Source information Block Start
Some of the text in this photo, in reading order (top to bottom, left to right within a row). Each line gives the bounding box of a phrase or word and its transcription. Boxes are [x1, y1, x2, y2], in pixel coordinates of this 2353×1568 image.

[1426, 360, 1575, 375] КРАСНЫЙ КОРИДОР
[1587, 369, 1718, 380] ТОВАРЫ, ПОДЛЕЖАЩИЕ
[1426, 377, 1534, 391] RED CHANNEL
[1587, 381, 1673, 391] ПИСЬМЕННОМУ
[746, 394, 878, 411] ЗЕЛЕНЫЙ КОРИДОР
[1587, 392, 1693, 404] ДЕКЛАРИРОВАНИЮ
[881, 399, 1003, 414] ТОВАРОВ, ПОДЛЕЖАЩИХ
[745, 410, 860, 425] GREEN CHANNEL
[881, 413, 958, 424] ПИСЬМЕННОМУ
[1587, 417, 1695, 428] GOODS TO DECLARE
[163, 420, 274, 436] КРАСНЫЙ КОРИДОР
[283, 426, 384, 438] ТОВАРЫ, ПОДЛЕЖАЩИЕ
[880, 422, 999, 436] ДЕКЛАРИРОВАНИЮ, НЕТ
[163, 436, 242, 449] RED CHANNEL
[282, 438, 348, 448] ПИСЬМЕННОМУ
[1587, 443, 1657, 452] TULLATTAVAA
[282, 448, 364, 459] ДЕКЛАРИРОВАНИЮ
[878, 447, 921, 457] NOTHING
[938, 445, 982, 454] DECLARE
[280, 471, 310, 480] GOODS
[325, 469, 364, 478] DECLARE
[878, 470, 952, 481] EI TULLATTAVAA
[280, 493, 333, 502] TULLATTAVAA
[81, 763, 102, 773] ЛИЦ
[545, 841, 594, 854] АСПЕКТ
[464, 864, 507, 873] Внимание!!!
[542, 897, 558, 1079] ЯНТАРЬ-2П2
Source information Block End
• _What you will do_
Create a word-for-word copy of the whole listing.

• _Reply to the exercise_
Some of the text in this photo, in reading order (top to bottom, left to right within a row). Each line gives the bounding box of a phrase or word and its transcription. Boxes are [x1, y1, x2, y2], in pixel coordinates of this 2353×1568 image.

[1426, 360, 1575, 375] КРАСНЫЙ КОРИДОР
[1587, 369, 1718, 380] ТОВАРЫ, ПОДЛЕЖАЩИЕ
[1426, 377, 1534, 391] RED CHANNEL
[1587, 381, 1673, 391] ПИСЬМЕННОМУ
[746, 394, 878, 411] ЗЕЛЕНЫЙ КОРИДОР
[1587, 392, 1693, 404] ДЕКЛАРИРОВАНИЮ
[881, 399, 1003, 414] ТОВАРОВ, ПОДЛЕЖАЩИХ
[745, 410, 860, 425] GREEN CHANNEL
[881, 413, 958, 424] ПИСЬМЕННОМУ
[1587, 417, 1695, 428] GOODS TO DECLARE
[163, 420, 274, 436] КРАСНЫЙ КОРИДОР
[283, 426, 384, 438] ТОВАРЫ, ПОДЛЕЖАЩИЕ
[880, 422, 999, 436] ДЕКЛАРИРОВАНИЮ, НЕТ
[163, 436, 242, 449] RED CHANNEL
[282, 438, 348, 448] ПИСЬМЕННОМУ
[1587, 443, 1657, 452] TULLATTAVAA
[282, 448, 364, 459] ДЕКЛАРИРОВАНИЮ
[878, 447, 921, 457] NOTHING
[938, 445, 982, 454] DECLARE
[280, 471, 310, 480] GOODS
[325, 469, 364, 478] DECLARE
[878, 470, 952, 481] EI TULLATTAVAA
[280, 493, 333, 502] TULLATTAVAA
[81, 763, 102, 773] ЛИЦ
[545, 841, 594, 854] АСПЕКТ
[464, 864, 507, 873] Внимание!!!
[542, 897, 558, 1079] ЯНТАРЬ-2П2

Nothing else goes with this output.